(ats) Les voitures d'occasion américaines doivent pouvoir être importées en Suisse. Le National a soutenu mercredi par 105 voix contre 89 une motion d'Andreas Glarner (UDC/AG) en ce sens. Le Conseil des Etats doit encore donner son aval.

Ces véhicules ne peuvent aujourd'hui pas être immatriculés en Suisse car la date de la première mise en circulation, déterminante en Europe, n'est pas toujours indiquée dans les papiers qui les accompagnent. Les États-Unis enregistrent surtout l'année modèle du véhicule.

Pour l'Argovien, cela représente une entrave au commerce. Le commerce des véhicules d'occasion est pratiquement inexistant, ce qui est économiquement dommageable. Il demande donc de lever "une simple formalité bureaucratique" qui ne touche en rien les prescriptions en matière de bruit, de gaz d'échappement et de sécurité.

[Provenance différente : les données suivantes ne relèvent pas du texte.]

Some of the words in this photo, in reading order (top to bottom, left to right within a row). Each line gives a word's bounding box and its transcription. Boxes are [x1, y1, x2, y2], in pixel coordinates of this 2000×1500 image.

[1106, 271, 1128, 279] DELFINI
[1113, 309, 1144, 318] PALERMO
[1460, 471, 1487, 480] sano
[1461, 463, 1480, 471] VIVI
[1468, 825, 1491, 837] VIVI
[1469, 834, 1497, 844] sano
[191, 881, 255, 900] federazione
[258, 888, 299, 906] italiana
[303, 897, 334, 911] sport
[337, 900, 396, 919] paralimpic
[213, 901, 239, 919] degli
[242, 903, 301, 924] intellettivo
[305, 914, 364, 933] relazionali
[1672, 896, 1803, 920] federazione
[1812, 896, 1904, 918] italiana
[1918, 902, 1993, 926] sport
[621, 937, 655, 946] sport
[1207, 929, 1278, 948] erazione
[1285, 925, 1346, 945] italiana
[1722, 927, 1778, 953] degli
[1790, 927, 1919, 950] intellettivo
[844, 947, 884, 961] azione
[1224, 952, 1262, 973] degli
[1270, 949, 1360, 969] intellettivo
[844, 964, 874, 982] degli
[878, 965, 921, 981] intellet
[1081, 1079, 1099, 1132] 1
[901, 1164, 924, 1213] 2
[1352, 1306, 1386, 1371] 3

Le ministre de l'environnement et des transports, Albert Rösti, a rappelé que la mise en oeuvre des prescriptions relatives aux émissions de CO2 exige de connaître la date de la première mise en circulation du véhicule. En effet, la décision d'appliquer ou non la réglementation des valeurs cibles repose sur le délai entre la première immatriculation à l'étranger et le dédouanement en Suisse.

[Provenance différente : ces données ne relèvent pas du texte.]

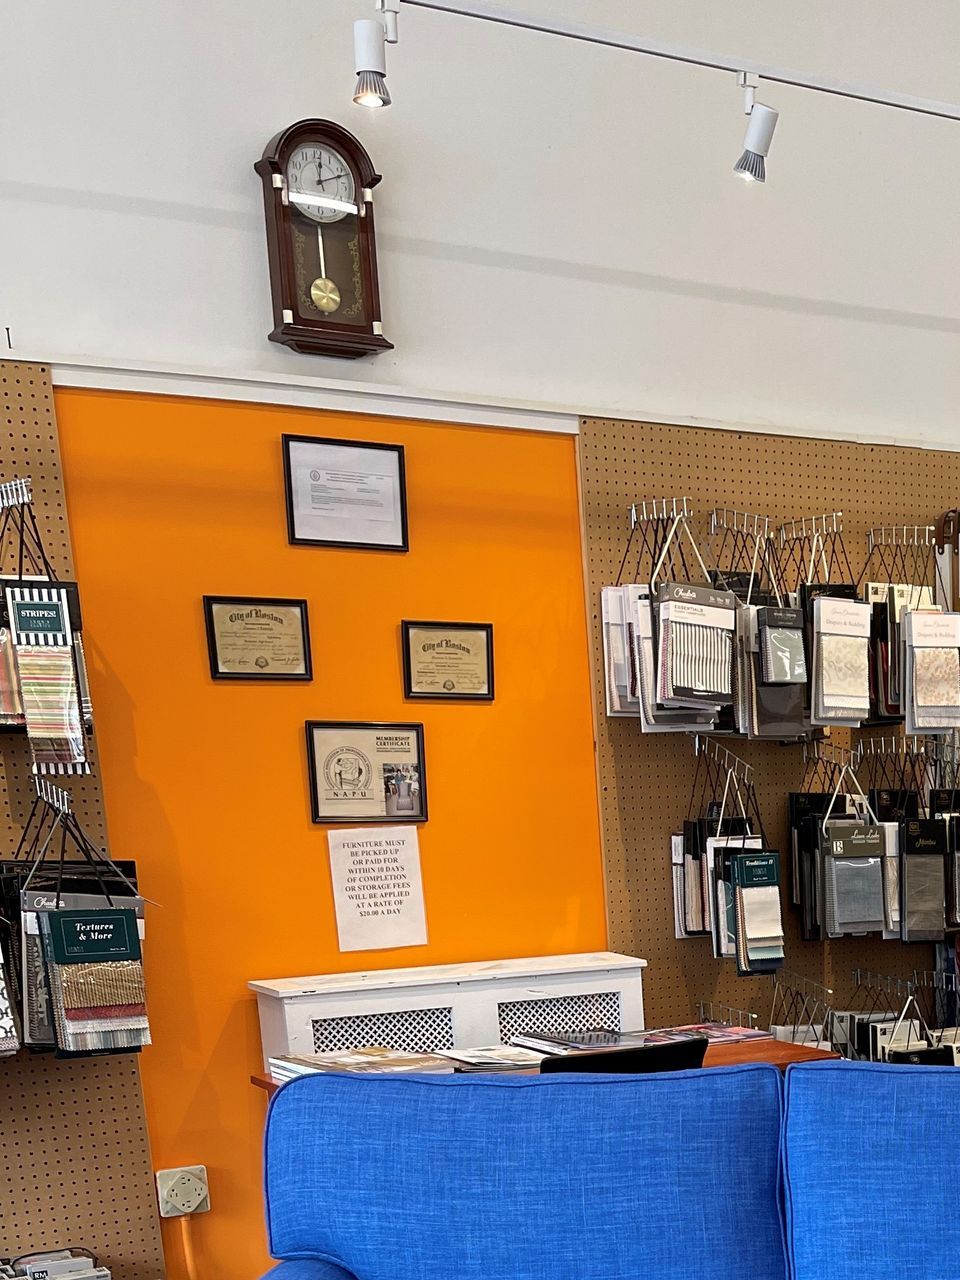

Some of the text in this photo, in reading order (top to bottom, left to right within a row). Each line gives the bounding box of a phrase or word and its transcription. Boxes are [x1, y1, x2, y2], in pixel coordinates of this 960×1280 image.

[301, 151, 308, 161] 11
[313, 150, 322, 160] 12
[292, 160, 301, 170] 10
[291, 173, 298, 183] 9
[317, 206, 324, 215] 6
[20, 609, 57, 618] STRIPES!
[228, 612, 245, 623] City
[254, 608, 284, 625] Boston
[421, 643, 436, 653] City
[445, 639, 471, 655] Boston
[342, 839, 406, 849] FURNITURE MUST
[361, 849, 388, 857] PICKED
[348, 866, 376, 874] WITHIN
[358, 873, 407, 883] COMPLETION
[357, 883, 392, 891] STORAGE
[379, 890, 410, 899] APPLIED
[373, 900, 393, 908] RATE
[74, 922, 114, 932] Textures
[79, 932, 113, 941] & More

En l'absence de cette donnée, il faudrait s'assurer que les véhicules concernés soient soumis à des exigences techniques au moins aussi rigoureuses que ceux dont la première mise en circulation est attestée par les autorités. La procédure ordinaire d'immatriculation, déjà très exigeante pour les experts, s'en trouverait encore complexifiée.